Italian Catholic priest (1856–1931)

Filippo Rinaldi (28 May 1856 – 5 December 1931) was an Italian Roman Catholic priest and a professed member of the Salesians of Don Bosco; he served as the third Rector Major for the order from 1922 until his death in 1931. He founded the Secular Institute of Don Bosco Volunteers. Rinaldi was close friends since his childhood to Giovanni Bosco and Paolo Albera and it was Bosco who guided Rinaldi who was torn in his adolescence between the farming life and the religious life. The order held him in high esteem from the outset and noted the potential within him as well as seeing the charism of Bosco encompassed in Rinaldi.

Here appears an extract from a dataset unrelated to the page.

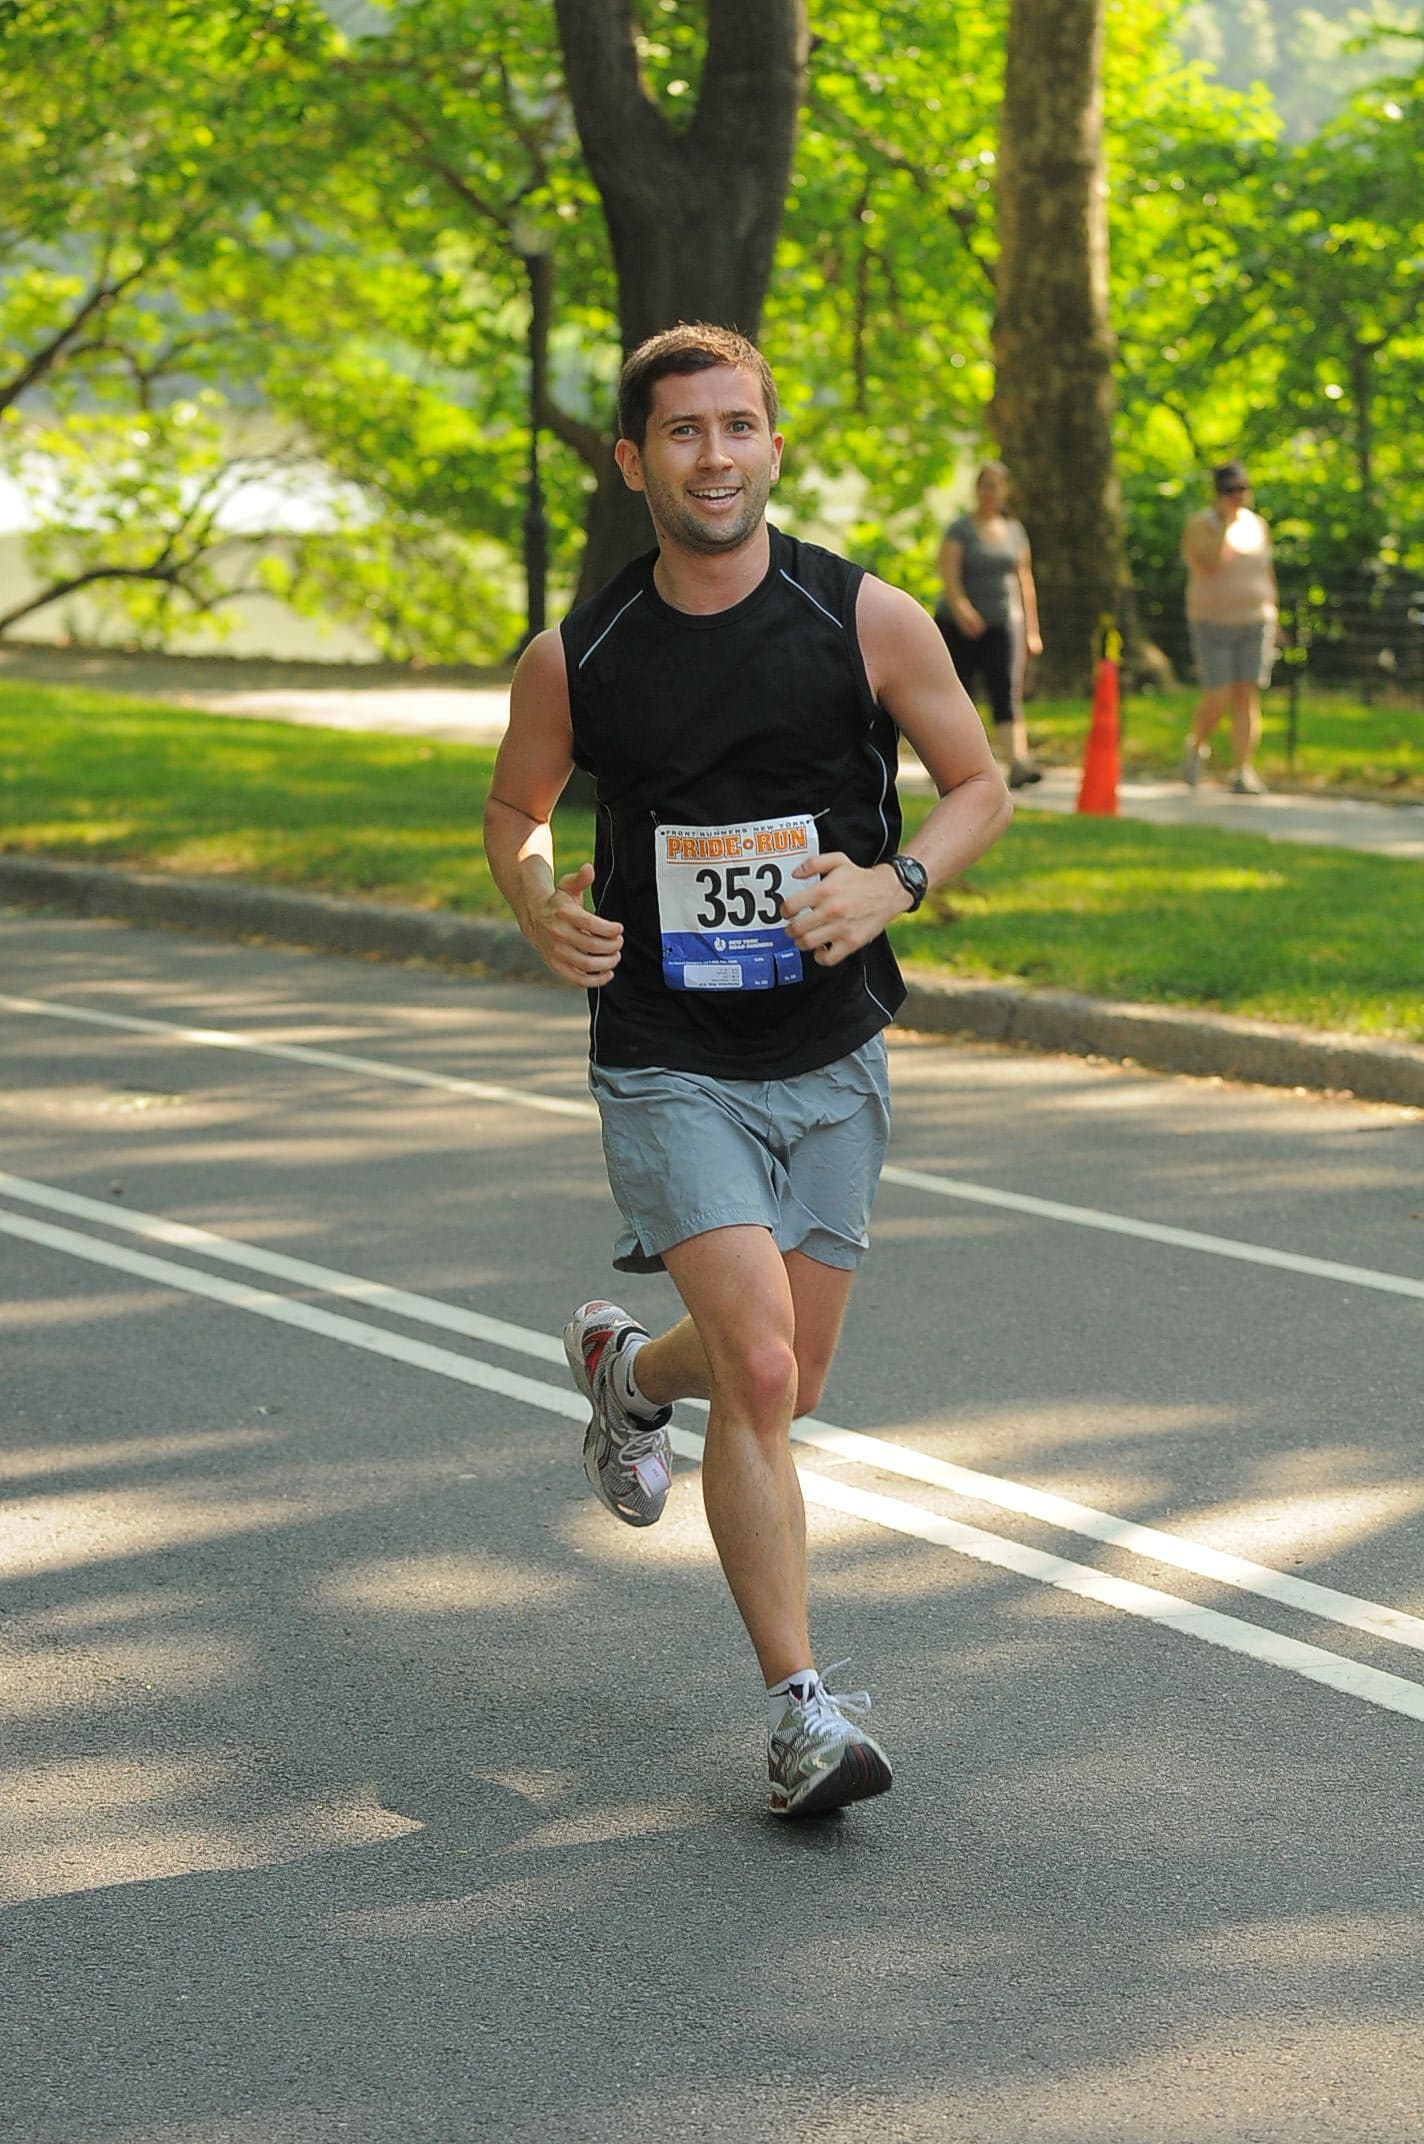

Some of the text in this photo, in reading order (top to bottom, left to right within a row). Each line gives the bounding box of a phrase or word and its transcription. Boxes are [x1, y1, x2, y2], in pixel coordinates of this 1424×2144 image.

[667, 827, 807, 860] PRIDE RUN
[700, 828, 748, 837] RUNNERS
[696, 864, 785, 928] 353

Rinaldi's beatification was celebrated under Pope John Paul II in 1990.

== Life ==

Filippo Rinaldi was born on 28 May 1856 in Lu Monferrato, the eighth of nine
children of the farmers Cristoforo Rinaldi and Antonia Brezza. He first met
Giovanni Bosco in 1861, when Bosco passed through Lu with his boys.
Two of his brothers also became priests.

Rinaldi began his schooling at Mirabello Monferrato, where the
Salesians of Don Bosco oversaw his education and where his assistant was
Paolo Albera, but he soon returned home despite Bosco's efforts to make him
reconsider. He resumed life as a farmer, though he received letters from Bosco and
books from Albera on religious vocations and discernment.
In 1874 his parents welcomed Bosco, who visited Rinaldi in person, but Rinaldi
remained firm in his refusal to continue his studies. Bosco's insistence at least
won over his parents, his mother being the most outspoken, and some people from the
town also tried to persuade him. In 1876 he was preparing to marry when Bosco
visited once more to urge him to consider religious life instead; in November 1877
he agreed to go to the order's house at Sampierdarena, which Bosco described as
a place "for late vocations".

The director at Sampierdarena was his friend Paolo Albera. Taking up books again was
difficult for Rinaldi, but he persevered and entered the novitiate at
San Benigno Canavese in September 1879; he received the cassock from Bosco
himself on 20 October 1879. He made his first profession on 13 August
1880 and was ordained to the priesthood on 23 December 1882 in Ivrea
Cathedral by Davide Riccardi, then Bishop of Ivrea. Rinaldi had not intended to
become a priest, but his superiors saw potential in him and asked him to pursue
ordination. Bosco appointed him director of the house for late
vocations at Mathi. In 1887 Bosco showed Rinaldi a map of Australia and told
him that the Salesians would soon work there, but that Rinaldi's own work would be
in Spain. In 1889 he was sent to Spain as director of the order's house at
Sarrià in Barcelona, where he remained until 1901, serving also as provincial
for Spain from 1892 to 1901; during those years the order opened sixteen new houses
in Spain and Portugal. In 1895 he began publishing the periodical
Lecturas Católicas.

On 1 April 1901 he returned to Turin as the order's vicar general under
Michele Rua; in 1910 his old friend Albera succeeded Rua. After
Albera's death in 1921, the General Chapter elected Rinaldi Rector Major and third
successor of Bosco on 24 April 1922. He established
the World Federation of Past Pupils and helped organise the Salesian international
congress. In 1925 he undertook a series of visits across Europe, including
Poland and France, and returned to Spain. He founded the Secular Institute
of the Volunteers of Don Bosco in 1917 and sent members of the order to countries
such as India and Japan for the missions. During his term the number of
Salesians rose by about 66 per cent, from 6,000 to 10,000.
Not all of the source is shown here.